**Collected data:**

━━━━━━━━

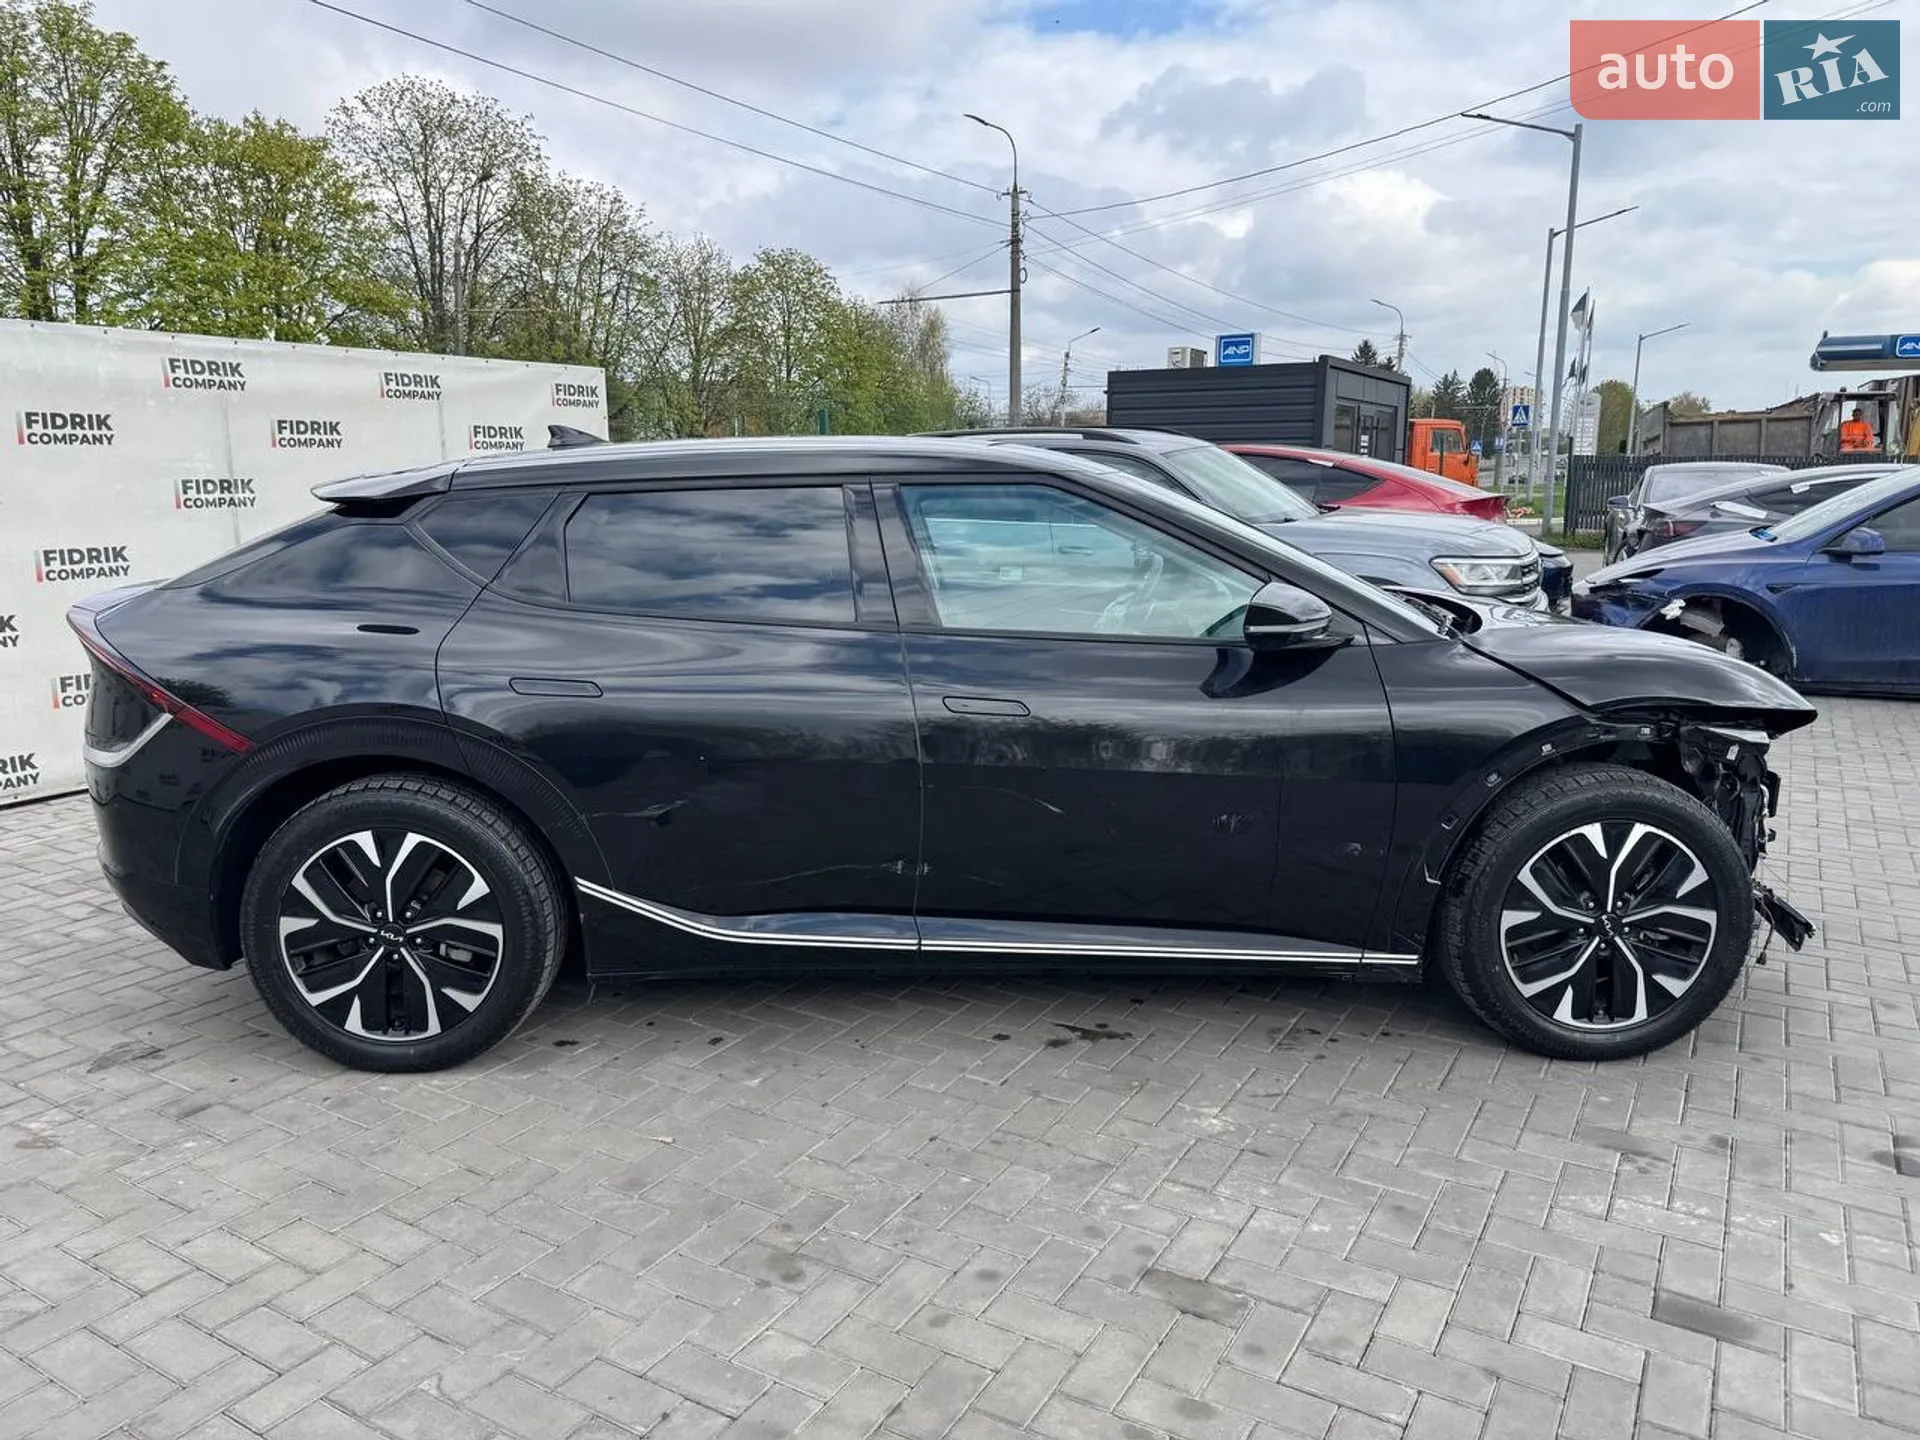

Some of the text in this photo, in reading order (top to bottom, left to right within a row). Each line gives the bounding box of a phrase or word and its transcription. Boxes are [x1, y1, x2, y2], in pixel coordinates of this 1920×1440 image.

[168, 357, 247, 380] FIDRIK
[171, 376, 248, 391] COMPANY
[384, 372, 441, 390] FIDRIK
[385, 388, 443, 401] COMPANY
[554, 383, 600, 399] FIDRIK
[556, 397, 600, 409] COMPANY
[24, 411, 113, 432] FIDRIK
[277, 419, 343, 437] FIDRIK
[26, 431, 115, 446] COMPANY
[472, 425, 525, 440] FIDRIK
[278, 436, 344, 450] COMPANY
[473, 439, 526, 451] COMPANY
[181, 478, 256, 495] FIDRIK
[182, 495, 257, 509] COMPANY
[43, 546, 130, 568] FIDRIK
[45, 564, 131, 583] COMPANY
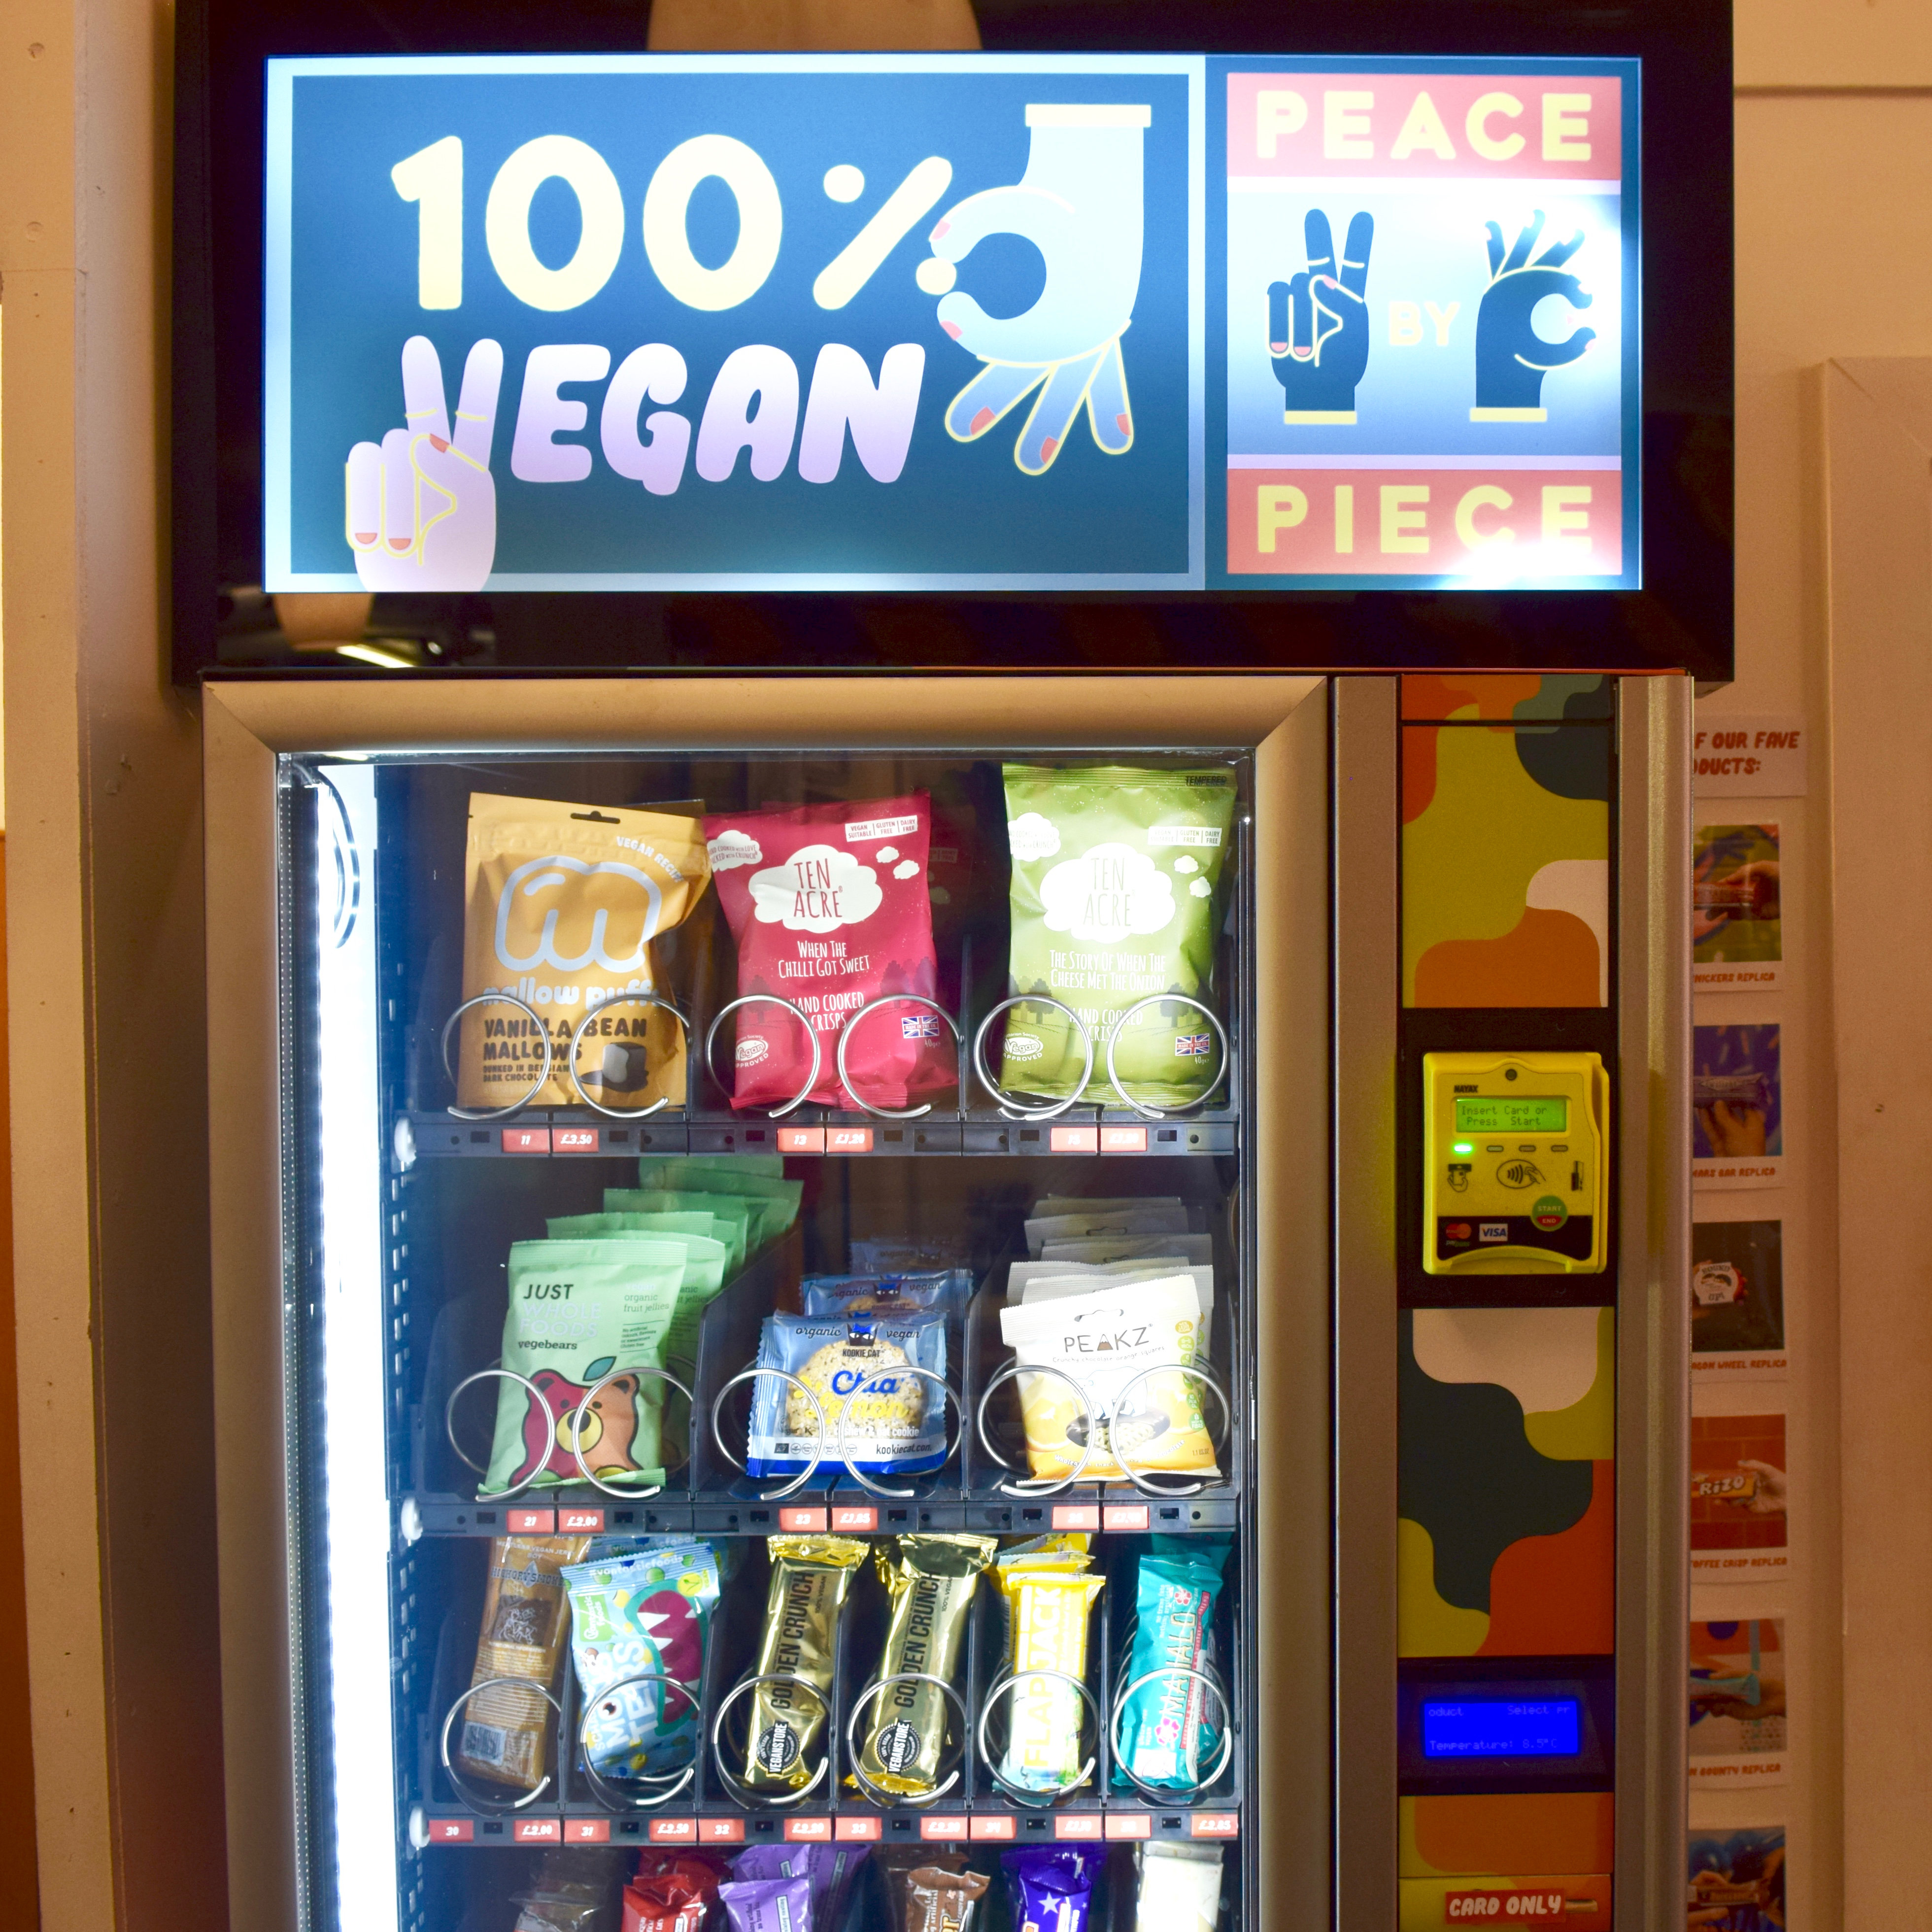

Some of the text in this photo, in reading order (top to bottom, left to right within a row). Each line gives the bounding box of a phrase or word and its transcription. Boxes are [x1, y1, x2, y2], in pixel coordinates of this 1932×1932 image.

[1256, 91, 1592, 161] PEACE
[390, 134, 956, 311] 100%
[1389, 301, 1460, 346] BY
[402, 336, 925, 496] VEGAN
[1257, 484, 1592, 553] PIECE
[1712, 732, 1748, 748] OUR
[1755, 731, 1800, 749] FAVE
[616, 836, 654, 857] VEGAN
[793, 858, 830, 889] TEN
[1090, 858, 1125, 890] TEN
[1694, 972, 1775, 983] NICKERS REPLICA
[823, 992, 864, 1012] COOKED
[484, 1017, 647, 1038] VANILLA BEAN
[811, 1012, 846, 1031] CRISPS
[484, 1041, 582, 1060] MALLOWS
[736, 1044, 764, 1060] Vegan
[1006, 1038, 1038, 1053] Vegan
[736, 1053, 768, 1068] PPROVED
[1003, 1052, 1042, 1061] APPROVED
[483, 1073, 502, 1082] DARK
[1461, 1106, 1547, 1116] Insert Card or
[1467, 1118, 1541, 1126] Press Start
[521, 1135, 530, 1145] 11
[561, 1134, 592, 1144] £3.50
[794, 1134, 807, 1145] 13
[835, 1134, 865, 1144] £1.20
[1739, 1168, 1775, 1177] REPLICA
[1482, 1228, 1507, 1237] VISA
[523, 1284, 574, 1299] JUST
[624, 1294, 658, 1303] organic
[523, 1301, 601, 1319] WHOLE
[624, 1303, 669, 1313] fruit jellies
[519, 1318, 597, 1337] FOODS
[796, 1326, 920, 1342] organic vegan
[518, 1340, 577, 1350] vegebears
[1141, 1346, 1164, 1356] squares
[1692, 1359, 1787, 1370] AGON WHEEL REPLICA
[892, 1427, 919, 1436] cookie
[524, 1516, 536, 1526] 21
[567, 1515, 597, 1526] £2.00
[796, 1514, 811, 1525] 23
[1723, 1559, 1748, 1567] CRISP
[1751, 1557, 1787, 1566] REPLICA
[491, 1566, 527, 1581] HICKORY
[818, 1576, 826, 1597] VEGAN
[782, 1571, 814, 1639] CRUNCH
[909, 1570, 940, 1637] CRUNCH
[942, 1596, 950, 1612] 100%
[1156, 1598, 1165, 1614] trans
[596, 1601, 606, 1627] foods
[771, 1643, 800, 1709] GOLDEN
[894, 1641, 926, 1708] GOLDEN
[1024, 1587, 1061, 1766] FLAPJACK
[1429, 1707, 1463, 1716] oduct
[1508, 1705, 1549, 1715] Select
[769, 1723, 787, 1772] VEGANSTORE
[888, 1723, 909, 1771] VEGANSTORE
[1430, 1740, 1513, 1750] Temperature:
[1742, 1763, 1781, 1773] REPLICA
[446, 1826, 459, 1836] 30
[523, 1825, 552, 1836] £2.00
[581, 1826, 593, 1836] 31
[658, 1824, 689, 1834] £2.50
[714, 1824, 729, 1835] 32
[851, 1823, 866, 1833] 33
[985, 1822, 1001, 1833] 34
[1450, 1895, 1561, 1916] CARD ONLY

━━━━━━━━

The records above are to be transcribed exactly, with every picture left out.

Some of the text in this photo, in reading order (top to bottom, left to right within a row). Each line gives the bounding box of a phrase or word and its transcription. Boxes are [x1, y1, x2, y2], in pixel coordinates of this 1920×1440 image.

[168, 357, 247, 380] FIDRIK
[171, 376, 248, 391] COMPANY
[384, 372, 441, 390] FIDRIK
[385, 388, 443, 401] COMPANY
[554, 383, 600, 399] FIDRIK
[556, 397, 600, 409] COMPANY
[24, 411, 113, 432] FIDRIK
[277, 419, 343, 437] FIDRIK
[26, 431, 115, 446] COMPANY
[472, 425, 525, 440] FIDRIK
[278, 436, 344, 450] COMPANY
[473, 439, 526, 451] COMPANY
[181, 478, 256, 495] FIDRIK
[182, 495, 257, 509] COMPANY
[43, 546, 130, 568] FIDRIK
[45, 564, 131, 583] COMPANY

Some of the text in this photo, in reading order (top to bottom, left to right within a row). Each line gives the bounding box of a phrase or word and its transcription. Boxes are [x1, y1, x2, y2], in pixel coordinates of this 1932×1932 image.

[1256, 91, 1592, 161] PEACE
[390, 134, 956, 311] 100%
[1389, 301, 1460, 346] BY
[402, 336, 925, 496] VEGAN
[1257, 484, 1592, 553] PIECE
[1712, 732, 1748, 748] OUR
[1755, 731, 1800, 749] FAVE
[616, 836, 654, 857] VEGAN
[793, 858, 830, 889] TEN
[1090, 858, 1125, 890] TEN
[1694, 972, 1775, 983] NICKERS REPLICA
[823, 992, 864, 1012] COOKED
[484, 1017, 647, 1038] VANILLA BEAN
[811, 1012, 846, 1031] CRISPS
[484, 1041, 582, 1060] MALLOWS
[736, 1044, 764, 1060] Vegan
[1006, 1038, 1038, 1053] Vegan
[736, 1053, 768, 1068] PPROVED
[1003, 1052, 1042, 1061] APPROVED
[483, 1073, 502, 1082] DARK
[1461, 1106, 1547, 1116] Insert Card or
[1467, 1118, 1541, 1126] Press Start
[521, 1135, 530, 1145] 11
[561, 1134, 592, 1144] £3.50
[794, 1134, 807, 1145] 13
[835, 1134, 865, 1144] £1.20
[1739, 1168, 1775, 1177] REPLICA
[1482, 1228, 1507, 1237] VISA
[523, 1284, 574, 1299] JUST
[624, 1294, 658, 1303] organic
[523, 1301, 601, 1319] WHOLE
[624, 1303, 669, 1313] fruit jellies
[519, 1318, 597, 1337] FOODS
[796, 1326, 920, 1342] organic vegan
[518, 1340, 577, 1350] vegebears
[1141, 1346, 1164, 1356] squares
[1692, 1359, 1787, 1370] AGON WHEEL REPLICA
[892, 1427, 919, 1436] cookie
[524, 1516, 536, 1526] 21
[567, 1515, 597, 1526] £2.00
[796, 1514, 811, 1525] 23
[1723, 1559, 1748, 1567] CRISP
[1751, 1557, 1787, 1566] REPLICA
[491, 1566, 527, 1581] HICKORY
[818, 1576, 826, 1597] VEGAN
[782, 1571, 814, 1639] CRUNCH
[909, 1570, 940, 1637] CRUNCH
[942, 1596, 950, 1612] 100%
[1156, 1598, 1165, 1614] trans
[596, 1601, 606, 1627] foods
[771, 1643, 800, 1709] GOLDEN
[894, 1641, 926, 1708] GOLDEN
[1024, 1587, 1061, 1766] FLAPJACK
[1429, 1707, 1463, 1716] oduct
[1508, 1705, 1549, 1715] Select
[769, 1723, 787, 1772] VEGANSTORE
[888, 1723, 909, 1771] VEGANSTORE
[1430, 1740, 1513, 1750] Temperature:
[1742, 1763, 1781, 1773] REPLICA
[446, 1826, 459, 1836] 30
[523, 1825, 552, 1836] £2.00
[581, 1826, 593, 1836] 31
[658, 1824, 689, 1834] £2.50
[714, 1824, 729, 1835] 32
[851, 1823, 866, 1833] 33
[985, 1822, 1001, 1833] 34
[1450, 1895, 1561, 1916] CARD ONLY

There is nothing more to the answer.